Analysis of Arabidopsis hybrid incompatibilities

Final Report Summary - ARABIDOPSI HYBRIDS (Analysis of arabidopsis hybrid incompatibilities)

While the discovery and large-scale exploitation of hybrid vigor was one of the most important breakthroughs in modern agriculture, failure of many wide crosses limits the beneficial traits that can be introduced into crops. Our Marie Curie IEF project 'Analysis of Arabidopsis hybrid incompatibilities' has consisted of two subprojects with the goal of understanding the basis of hybrid incompatibility within, and between, species.

For one sub-project, I have studied a hybrid between Arabidopsis thaliana accessions, Bla-1 and Sha, where plants have an abnormal appearance and reduced biomass. I identified a receptor-like protein kinase (RLK; Outgrowth-Associated Kinase (OAK)) that causes the plants to develop in this irregular manner. Causality was confirmed by adding a copy of the gene encoding this protein back into plants and recovering plants with a similar appearance to the hybrids. Removing the kinase activity of the protein also abrogates the phenotypic effects. The OAK gene is not present in the reference accession for Arabidopsis thaliana but has been formed by gene duplication and subsequent sequence divergence. A survey of 90 accessions showed that OAK is present in approximately one third of accessions.

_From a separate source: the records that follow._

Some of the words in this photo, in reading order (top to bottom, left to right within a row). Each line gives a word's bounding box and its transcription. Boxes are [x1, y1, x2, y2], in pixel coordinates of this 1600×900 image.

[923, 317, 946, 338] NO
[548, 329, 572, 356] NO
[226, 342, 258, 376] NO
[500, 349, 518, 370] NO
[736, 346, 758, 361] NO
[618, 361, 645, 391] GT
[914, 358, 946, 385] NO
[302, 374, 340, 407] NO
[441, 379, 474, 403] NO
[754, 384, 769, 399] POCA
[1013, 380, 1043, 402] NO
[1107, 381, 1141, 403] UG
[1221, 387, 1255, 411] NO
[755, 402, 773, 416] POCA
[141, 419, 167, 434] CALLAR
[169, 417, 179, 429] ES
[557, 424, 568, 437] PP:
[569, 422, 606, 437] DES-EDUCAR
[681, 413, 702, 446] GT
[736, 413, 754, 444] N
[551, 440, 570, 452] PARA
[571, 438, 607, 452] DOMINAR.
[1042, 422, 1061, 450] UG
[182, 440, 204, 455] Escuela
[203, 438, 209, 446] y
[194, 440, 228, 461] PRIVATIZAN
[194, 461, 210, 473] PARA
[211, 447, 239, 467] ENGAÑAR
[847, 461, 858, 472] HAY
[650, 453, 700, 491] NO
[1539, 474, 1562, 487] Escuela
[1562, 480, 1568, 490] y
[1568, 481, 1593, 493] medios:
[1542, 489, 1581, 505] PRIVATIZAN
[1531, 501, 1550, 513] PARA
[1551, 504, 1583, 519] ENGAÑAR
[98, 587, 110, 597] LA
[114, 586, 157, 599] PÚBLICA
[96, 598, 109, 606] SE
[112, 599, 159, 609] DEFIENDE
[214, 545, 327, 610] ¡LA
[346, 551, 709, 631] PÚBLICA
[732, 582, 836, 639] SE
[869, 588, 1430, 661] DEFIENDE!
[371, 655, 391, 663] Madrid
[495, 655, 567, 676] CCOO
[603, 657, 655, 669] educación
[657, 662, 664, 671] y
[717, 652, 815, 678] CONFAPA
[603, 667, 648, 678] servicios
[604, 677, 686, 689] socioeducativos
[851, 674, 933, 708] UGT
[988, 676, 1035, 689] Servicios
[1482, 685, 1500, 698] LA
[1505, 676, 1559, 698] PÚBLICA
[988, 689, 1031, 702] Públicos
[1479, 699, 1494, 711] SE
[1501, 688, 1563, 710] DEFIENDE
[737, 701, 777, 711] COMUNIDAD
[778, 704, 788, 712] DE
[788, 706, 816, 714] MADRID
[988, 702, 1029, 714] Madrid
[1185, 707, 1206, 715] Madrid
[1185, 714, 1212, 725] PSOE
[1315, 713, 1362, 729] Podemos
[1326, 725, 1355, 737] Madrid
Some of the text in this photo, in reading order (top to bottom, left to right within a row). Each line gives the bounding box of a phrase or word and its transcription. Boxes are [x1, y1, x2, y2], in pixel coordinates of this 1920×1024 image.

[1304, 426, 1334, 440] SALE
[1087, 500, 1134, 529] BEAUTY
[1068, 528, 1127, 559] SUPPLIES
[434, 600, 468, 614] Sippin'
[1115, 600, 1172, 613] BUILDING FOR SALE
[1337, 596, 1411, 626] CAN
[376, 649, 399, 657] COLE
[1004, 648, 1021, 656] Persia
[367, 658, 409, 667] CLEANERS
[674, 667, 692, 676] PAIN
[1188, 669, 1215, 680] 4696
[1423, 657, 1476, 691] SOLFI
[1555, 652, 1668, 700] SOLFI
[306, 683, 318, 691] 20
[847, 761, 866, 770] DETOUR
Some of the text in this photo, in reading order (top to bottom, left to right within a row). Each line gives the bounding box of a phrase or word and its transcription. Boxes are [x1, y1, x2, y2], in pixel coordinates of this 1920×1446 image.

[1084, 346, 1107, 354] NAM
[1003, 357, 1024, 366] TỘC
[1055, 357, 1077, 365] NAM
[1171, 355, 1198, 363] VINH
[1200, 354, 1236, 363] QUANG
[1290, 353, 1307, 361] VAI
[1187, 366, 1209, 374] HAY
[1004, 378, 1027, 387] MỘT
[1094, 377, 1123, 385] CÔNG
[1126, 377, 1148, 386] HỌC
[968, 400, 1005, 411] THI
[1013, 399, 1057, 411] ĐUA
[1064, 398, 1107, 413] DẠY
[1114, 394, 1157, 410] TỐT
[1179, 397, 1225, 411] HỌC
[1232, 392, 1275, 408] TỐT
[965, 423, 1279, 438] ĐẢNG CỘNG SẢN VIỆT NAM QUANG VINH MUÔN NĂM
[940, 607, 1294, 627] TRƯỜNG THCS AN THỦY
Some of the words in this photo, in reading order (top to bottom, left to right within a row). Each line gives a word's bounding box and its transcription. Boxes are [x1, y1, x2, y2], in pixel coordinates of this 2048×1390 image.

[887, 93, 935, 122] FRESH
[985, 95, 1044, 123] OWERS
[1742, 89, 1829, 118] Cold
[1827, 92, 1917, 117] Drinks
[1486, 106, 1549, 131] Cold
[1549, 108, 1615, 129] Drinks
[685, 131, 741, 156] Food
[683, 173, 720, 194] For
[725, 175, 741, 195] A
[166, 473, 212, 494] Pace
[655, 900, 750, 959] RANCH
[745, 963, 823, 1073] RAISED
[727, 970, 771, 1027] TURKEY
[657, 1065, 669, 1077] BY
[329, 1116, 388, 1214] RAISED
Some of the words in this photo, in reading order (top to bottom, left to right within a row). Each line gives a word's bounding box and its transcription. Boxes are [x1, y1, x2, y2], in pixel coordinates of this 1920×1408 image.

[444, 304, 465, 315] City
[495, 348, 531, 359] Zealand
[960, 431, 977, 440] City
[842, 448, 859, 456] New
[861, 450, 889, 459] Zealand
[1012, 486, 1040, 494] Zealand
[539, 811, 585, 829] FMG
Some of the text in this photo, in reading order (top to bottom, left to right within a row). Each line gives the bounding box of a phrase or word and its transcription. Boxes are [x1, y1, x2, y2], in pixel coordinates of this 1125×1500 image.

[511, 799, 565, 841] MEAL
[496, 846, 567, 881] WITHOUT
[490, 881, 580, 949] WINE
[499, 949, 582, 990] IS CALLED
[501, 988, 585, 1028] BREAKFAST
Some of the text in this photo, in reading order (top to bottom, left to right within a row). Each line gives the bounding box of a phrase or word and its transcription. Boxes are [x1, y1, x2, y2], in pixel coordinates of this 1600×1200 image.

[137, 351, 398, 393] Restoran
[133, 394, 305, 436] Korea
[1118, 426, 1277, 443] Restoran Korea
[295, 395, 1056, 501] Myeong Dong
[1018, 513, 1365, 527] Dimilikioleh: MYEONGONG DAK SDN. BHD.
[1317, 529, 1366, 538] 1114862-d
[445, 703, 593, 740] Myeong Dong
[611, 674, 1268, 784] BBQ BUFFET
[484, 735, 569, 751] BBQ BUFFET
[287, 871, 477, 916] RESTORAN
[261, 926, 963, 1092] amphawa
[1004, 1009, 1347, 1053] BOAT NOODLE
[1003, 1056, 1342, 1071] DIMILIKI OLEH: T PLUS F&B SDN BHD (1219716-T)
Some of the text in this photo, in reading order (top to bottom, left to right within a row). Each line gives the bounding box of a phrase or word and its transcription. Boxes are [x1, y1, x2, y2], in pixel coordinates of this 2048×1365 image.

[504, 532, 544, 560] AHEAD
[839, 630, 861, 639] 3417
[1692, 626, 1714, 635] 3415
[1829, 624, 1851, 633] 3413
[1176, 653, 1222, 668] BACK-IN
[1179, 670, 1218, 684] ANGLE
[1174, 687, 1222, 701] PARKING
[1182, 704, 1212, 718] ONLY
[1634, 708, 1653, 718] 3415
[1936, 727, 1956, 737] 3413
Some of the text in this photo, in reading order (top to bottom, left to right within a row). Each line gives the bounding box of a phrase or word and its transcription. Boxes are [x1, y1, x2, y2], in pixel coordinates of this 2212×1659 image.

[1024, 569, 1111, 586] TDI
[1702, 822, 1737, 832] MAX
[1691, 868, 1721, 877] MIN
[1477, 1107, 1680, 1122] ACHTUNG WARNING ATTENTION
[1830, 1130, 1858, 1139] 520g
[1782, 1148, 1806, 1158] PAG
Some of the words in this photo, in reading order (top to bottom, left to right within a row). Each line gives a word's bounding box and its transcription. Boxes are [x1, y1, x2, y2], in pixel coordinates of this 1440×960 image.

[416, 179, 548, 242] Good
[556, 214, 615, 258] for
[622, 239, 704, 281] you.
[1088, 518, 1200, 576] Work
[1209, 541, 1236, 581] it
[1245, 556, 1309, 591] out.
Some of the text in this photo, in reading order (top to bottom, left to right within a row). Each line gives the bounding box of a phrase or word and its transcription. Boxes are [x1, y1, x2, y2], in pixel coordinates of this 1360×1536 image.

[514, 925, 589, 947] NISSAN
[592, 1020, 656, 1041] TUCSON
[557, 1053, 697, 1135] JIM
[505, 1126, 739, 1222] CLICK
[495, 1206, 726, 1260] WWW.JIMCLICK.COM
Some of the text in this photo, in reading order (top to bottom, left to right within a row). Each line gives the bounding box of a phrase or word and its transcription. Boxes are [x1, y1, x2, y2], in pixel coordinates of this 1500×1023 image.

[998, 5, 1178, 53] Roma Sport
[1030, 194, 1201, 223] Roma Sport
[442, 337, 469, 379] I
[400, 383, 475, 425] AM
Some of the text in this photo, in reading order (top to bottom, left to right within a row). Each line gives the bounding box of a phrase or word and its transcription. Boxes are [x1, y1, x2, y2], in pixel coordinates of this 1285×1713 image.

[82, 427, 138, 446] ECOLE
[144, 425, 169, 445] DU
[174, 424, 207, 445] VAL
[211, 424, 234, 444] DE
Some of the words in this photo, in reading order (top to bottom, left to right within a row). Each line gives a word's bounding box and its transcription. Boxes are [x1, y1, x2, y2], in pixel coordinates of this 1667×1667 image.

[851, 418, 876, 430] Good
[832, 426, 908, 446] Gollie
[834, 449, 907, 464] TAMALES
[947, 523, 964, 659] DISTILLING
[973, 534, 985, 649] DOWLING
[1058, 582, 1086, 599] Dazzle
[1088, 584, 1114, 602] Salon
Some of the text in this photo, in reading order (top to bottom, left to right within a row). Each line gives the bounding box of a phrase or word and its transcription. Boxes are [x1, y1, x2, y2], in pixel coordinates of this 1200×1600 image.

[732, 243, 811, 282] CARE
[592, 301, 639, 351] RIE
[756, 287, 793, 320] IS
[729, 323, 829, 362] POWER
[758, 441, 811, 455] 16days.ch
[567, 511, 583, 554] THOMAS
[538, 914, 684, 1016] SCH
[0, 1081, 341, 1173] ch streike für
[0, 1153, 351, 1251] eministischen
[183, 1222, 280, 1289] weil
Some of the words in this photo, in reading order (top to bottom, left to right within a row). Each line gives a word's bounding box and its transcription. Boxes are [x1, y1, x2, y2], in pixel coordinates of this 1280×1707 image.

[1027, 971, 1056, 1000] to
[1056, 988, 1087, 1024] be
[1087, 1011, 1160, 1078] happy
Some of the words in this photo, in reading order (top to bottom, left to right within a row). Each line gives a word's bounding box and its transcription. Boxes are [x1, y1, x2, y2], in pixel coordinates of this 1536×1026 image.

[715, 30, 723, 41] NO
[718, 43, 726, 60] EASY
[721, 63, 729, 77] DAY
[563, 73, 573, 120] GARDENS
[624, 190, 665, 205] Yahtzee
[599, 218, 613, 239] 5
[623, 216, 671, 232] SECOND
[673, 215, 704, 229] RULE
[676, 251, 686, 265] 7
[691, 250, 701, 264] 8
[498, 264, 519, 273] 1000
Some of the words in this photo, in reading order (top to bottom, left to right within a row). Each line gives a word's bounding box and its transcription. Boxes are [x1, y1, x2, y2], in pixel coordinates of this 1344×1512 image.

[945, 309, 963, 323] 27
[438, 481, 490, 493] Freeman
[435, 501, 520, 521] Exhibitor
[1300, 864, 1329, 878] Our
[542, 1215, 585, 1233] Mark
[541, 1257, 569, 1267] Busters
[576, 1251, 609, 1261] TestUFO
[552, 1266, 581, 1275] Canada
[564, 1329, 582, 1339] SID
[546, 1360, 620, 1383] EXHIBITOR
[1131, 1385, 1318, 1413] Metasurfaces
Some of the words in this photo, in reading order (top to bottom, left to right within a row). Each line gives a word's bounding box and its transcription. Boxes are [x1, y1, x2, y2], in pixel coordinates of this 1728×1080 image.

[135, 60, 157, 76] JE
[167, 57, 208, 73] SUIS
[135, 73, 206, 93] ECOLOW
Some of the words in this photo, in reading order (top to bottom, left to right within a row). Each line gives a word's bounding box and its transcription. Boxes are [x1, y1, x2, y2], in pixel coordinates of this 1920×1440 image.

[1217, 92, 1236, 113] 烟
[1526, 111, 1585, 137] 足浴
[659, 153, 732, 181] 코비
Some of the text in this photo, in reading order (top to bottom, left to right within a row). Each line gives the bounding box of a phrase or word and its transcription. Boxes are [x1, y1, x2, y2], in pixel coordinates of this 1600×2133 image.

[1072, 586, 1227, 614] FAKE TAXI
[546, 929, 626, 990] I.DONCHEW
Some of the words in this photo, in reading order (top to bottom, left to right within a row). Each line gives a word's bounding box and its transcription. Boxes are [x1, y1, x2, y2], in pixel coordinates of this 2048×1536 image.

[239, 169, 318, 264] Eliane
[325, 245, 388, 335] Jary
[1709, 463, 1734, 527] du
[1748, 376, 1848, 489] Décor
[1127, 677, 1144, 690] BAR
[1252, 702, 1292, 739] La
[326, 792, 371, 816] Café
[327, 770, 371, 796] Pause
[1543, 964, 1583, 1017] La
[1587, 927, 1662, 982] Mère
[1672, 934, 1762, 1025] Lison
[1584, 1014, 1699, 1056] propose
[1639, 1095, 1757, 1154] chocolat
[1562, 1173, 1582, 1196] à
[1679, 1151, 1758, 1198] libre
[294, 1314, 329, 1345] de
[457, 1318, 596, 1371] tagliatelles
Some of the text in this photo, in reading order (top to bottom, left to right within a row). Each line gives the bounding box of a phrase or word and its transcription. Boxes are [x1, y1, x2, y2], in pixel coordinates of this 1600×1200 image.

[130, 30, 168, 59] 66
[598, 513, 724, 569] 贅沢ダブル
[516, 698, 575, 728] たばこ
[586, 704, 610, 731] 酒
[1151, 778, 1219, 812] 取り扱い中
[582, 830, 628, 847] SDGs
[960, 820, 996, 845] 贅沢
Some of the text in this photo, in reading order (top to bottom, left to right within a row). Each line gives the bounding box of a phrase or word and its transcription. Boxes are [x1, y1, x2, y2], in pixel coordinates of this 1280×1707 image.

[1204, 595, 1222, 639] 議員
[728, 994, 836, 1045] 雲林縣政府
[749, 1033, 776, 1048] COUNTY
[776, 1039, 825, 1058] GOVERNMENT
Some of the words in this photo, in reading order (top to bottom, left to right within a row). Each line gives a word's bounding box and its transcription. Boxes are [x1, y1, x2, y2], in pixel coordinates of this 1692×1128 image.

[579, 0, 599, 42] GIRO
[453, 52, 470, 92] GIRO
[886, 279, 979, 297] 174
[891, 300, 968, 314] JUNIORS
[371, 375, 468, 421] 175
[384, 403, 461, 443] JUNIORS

The Arabidopsis thaliana genome encodes over 600 RLKs, and RLK genes exhibit exceptionally high within-species sequence variation. This family has been implicated in root and shoot development, in disease resistance and in plant-microbe interactions, all vitally important plant traits for agriculture, yet the function and ligands of most plant RLKs are still unknown.

RLKs often function as dimers, and consist of an extra-cellular domain that perceives a signal, and an intracellular kinase domain that activates a downstream signalling cascade. An incompatibility can be caused by changes in gene expression, changes in protein sequence, or a combination of both. For OAK, I found that the expression domain of the protein is important as are changes within the extracellular domain. I used a reporter assay to show that the equivalent RLK gene in the reference accession is expressed in the leaf blade, while OAK is expressed in the leaf stems. The extracellular domain is particularly variable between OAK in Bla-1 and Sha as compared to the kinase domain, therefore changes in the OAK extracellular domain may lead to perception of a new signal or hyper-activation of the protein. Genome-wide gene expression in the hybrid plants was compared to the parents, with the expectation that disease-resistance pathways may be up-regulated as in other hybrid incompatibilities. However, no pattern in the changes in expression of specific gene ontology categories could be found. This work continues with experiments underway to identify proteins downstream of OAK in the signalling cascade.

A second sub-project involves the genome-wide characterisation of crosses within and between species. A class of molecules called small RNAs (sRNAs) that regulate gene expression are maternally inherited. Therefore I speculated that changes in small RNA populations in hybrids may contribute to mis-regulation of genes and hence result in hybrid incompatibility. I examined sRNAs and genome-wide gene expression in F1 hybrids between A. thaliana accessions that are compatible and also in a hybrid between A. thaliana and A. lyrata that results in infertile F1 plants.

sRNA data and gene-expression information has been collected from all parents and hybrids of crosses involved in this study. Bioinformatic analysis of the data has been challenging due to the involvement of genomes that have not been fully sequenced. Intraspecific crosses are being utilised to examine the effect of structural variations and polymorphisms on gene expression in different accessions and their hybrids.

Data has been shared with other research groups to generate the maximum benefit from the project.